That great phrase was coined by the late Jack Kemp, who believed that growth and opportunity for all is the answer to poverty. In fact, Kemp believed it was the answer to all things economic. And he was right. The best anti-poverty program is the one that creates jobs. The answer to large budget deficits? Grow the economy, create jobs, watch incomes rise, and let the tax revenues come rolling in.

Partly from Jack Kemp’s work, and partly from his own experience, Ronald Reagan believed the same thing. He knew that growth is the single best solution for our economic ailments. And neither Reagan nor Kemp saw the world in terms of specific income classes or categories. They looked at the whole economy and realized that everyone is tied together. Dragging down the top earners will not help the middle class. And providing an ever larger safety net will not solve poverty. Reagan believed in the safety net, and maintained it. But he knew it was a stop-gap, not a solution.

Does Mitt Romney understand this?

The worry stems from Romney’s ill-advised statement this week. He said, “I’m not concerned about the very poor. We have a safety net there. If it needs repair, I’ll fix it.” That raises doubts as to whether he understands the Reagan-Kemp model. Perhaps he does. But he will have to tell us more.

Incidentally, the safety net has been expanding at an alarming pace. Transfer-program spending has been soaring. It’s up $600 billion, or about 35 percent, in the last three years. Medicaid, food stamps, and unemployment insurance have seen benefit levels rise and eligibility expand. This is a huge drag on the economy.
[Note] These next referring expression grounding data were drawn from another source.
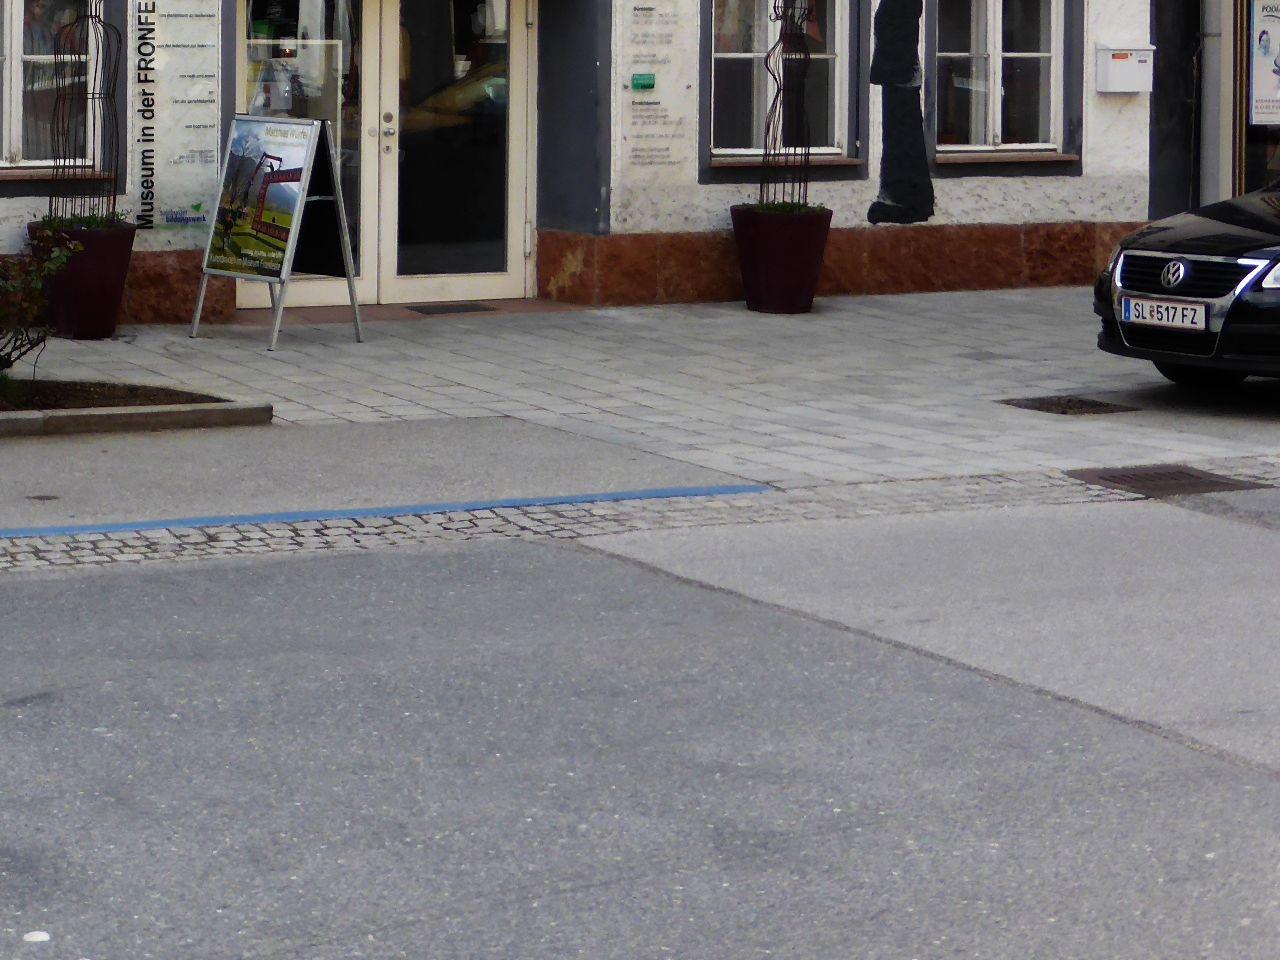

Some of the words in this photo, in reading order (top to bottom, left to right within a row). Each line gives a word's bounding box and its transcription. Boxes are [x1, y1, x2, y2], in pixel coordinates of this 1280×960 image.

[136, 88, 156, 121] der
[136, 125, 155, 144] in
[136, 148, 155, 230] Museum
[1134, 302, 1147, 320] SL
[1156, 304, 1178, 323] 517
[1181, 307, 1198, 326] FZ
We are paying too much to not work, and rewarding too little to work.

Welfarism is not compassionate. Opportunity is.

But now it’s up to Romney to propose moving the very poor out of the poverty trap by making it pay more after tax to work rather than not work. And he must persuade the electorate with a clear and detailed prescriptive agenda.

Part of the solution is tax reform, especially getting rid of the 10 percent bottom tax rate. Another part of the solution is education reform: Revive real choice and competition; spread merit pay and performance to judge the schools; and insist on high-school diplomas or associate degrees or streamlined training programs to bring the unemployed into the high tech age.
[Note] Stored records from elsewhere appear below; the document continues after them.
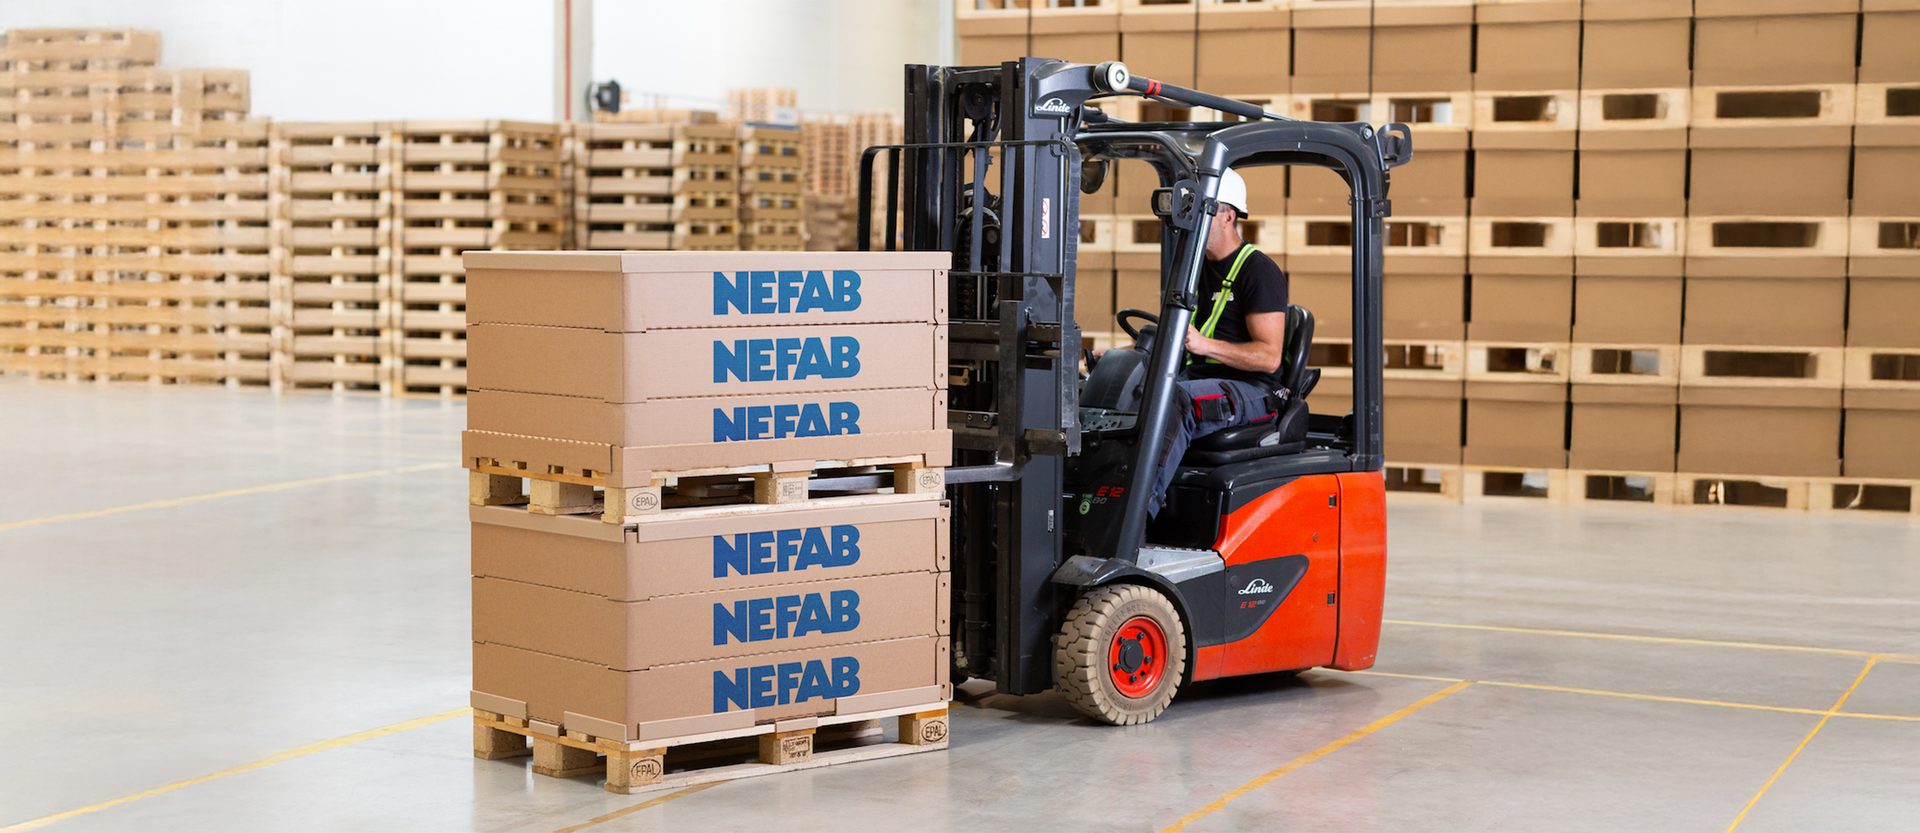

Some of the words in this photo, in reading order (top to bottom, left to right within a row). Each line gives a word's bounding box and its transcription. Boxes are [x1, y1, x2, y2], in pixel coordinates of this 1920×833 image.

[1035, 97, 1071, 113] Linde
[713, 269, 862, 316] NEFAB
[713, 335, 861, 384] NEFAB
[713, 401, 861, 443] NEFAB
[636, 496, 656, 507] EPAL
[1096, 485, 1110, 497] E
[1109, 487, 1125, 498] 12
[713, 524, 861, 578] NEFAB
[1238, 578, 1274, 595] Linde
[713, 589, 861, 646] NEFAB
[713, 656, 861, 713] NEFAB
[925, 725, 942, 738] EPAL
[636, 763, 657, 777] EPAL
In his Florida victory speech, Romney said, “If this election is a bidding war for who can promise more benefits, then I’m not your president.” Good. But he must build on that. He has to make it clear that when the unemployed return to work they will not face huge marginal tax rates. In other words, there must be an incentive to leave government dependency and move into the productive economy.
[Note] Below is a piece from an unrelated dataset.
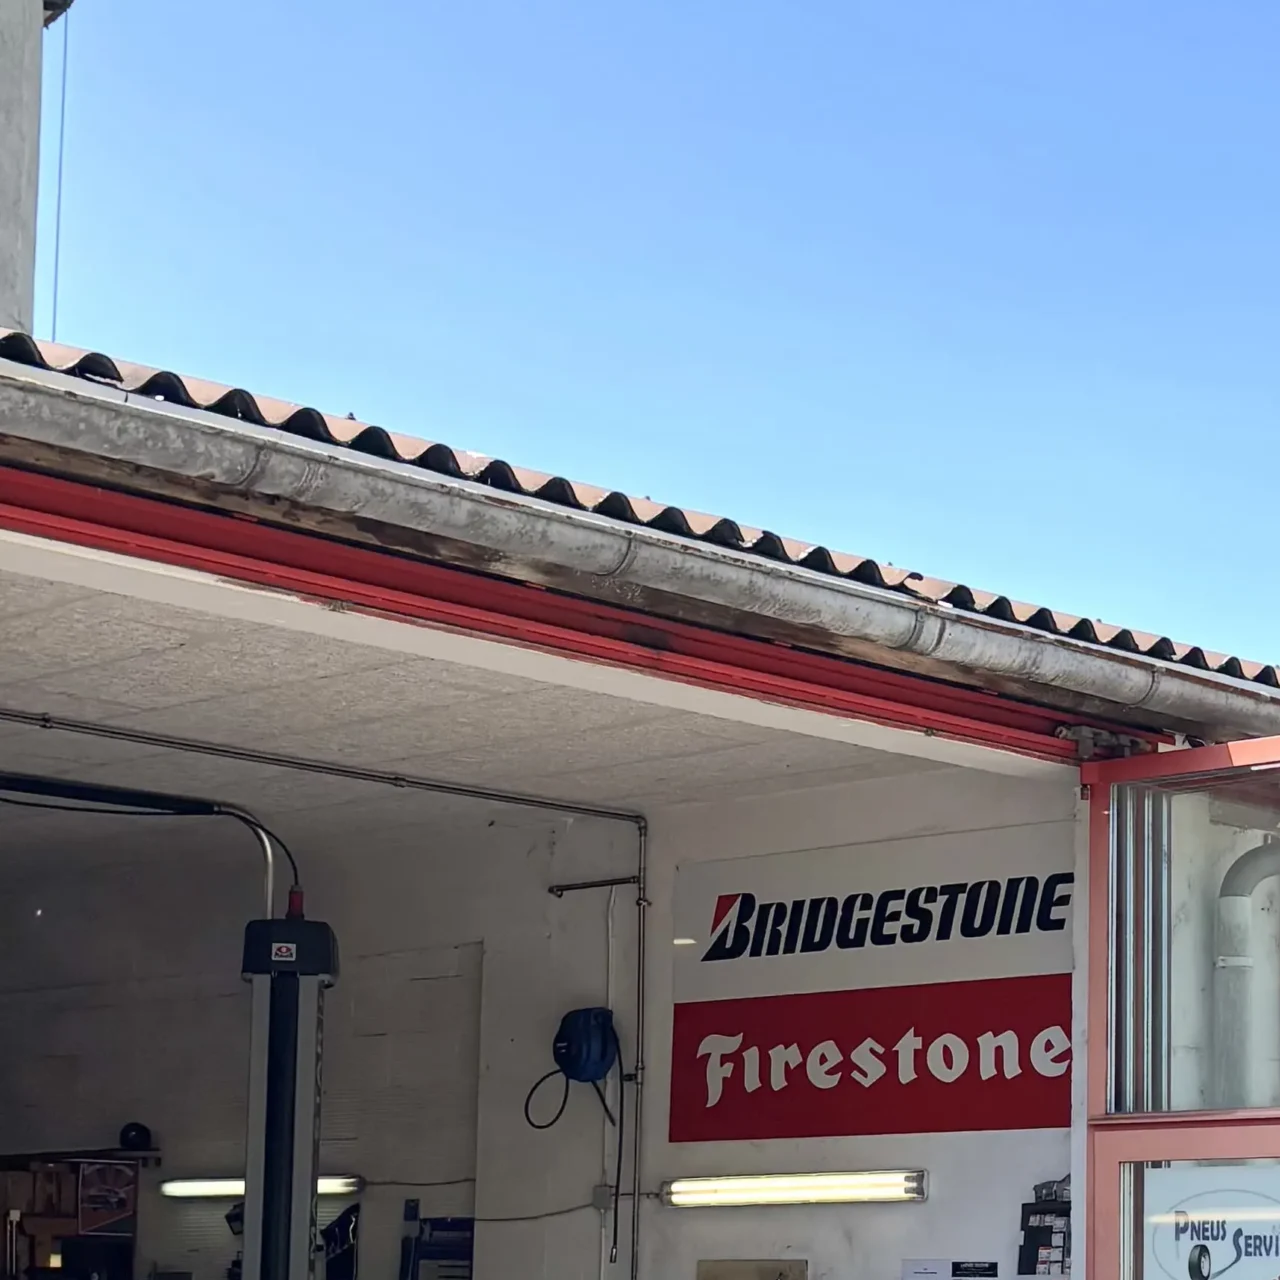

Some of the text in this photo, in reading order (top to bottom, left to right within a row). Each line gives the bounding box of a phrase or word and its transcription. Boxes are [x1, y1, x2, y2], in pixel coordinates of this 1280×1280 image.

[700, 872, 1074, 961] BRIDGESTONE
[696, 1025, 1072, 1107] Firestone
[1174, 1211, 1227, 1242] PNEUS
That’s why a bold tax-reform plan is so important. The unemployed face a 10 percent bottom tax rate. But the middle class faces 25, 28, and 33 percent tax rates. That’s way too much. Why not flatten the code to just two rates, say 15 and 25 percent, and then simplify by getting rid of the other brackets and wiping out the unnecessary deductions, credits, and carve-outs?

Such tax reform will not only provide growth incentives, it will provide anti-poverty incentives as well. Job creation for everyone.

People know Romney is a successful business man. And I suspect most folks think he understands the free-enterprise economy better than Obama. But they’re not sure he has a specific plan that will translate his experience into real economic improvement for the whole country.

The same is true for the budget mess. Back in November, Romney put out an excellent statement on reforming entitlements, cutting $500 billion out of the budget by 2015, and getting spending down to 20 percent of GDP. It’s time he hit the reset button and started selling that plan all over again.

Railing against the Obama economy will not be enough to win. The latest jobs report shows a quickening pace of recovery: 243,000 nonfarm payrolls, 847,000 new jobs in the small-business household survey, and an 8.3 percent unemployment rate. Combine that with other strong readings on the manufacturing and non-manufacturing sectors (the ISM reports), car sales, chain-store sales, and jobless claims, and you have a 3 percent economy with good momentum.

Of course, coming from a very deep recession, growth and jobs should be better. The Reagan recovery was far stronger. But there’s no double-dip out there, and unemployment is not going back to 10 percent. So the trick for Mitt Romney is to show folks he has a detailed plan to make the economy and the budget better.

He needs to prove to people that he knows what to do and how to do it.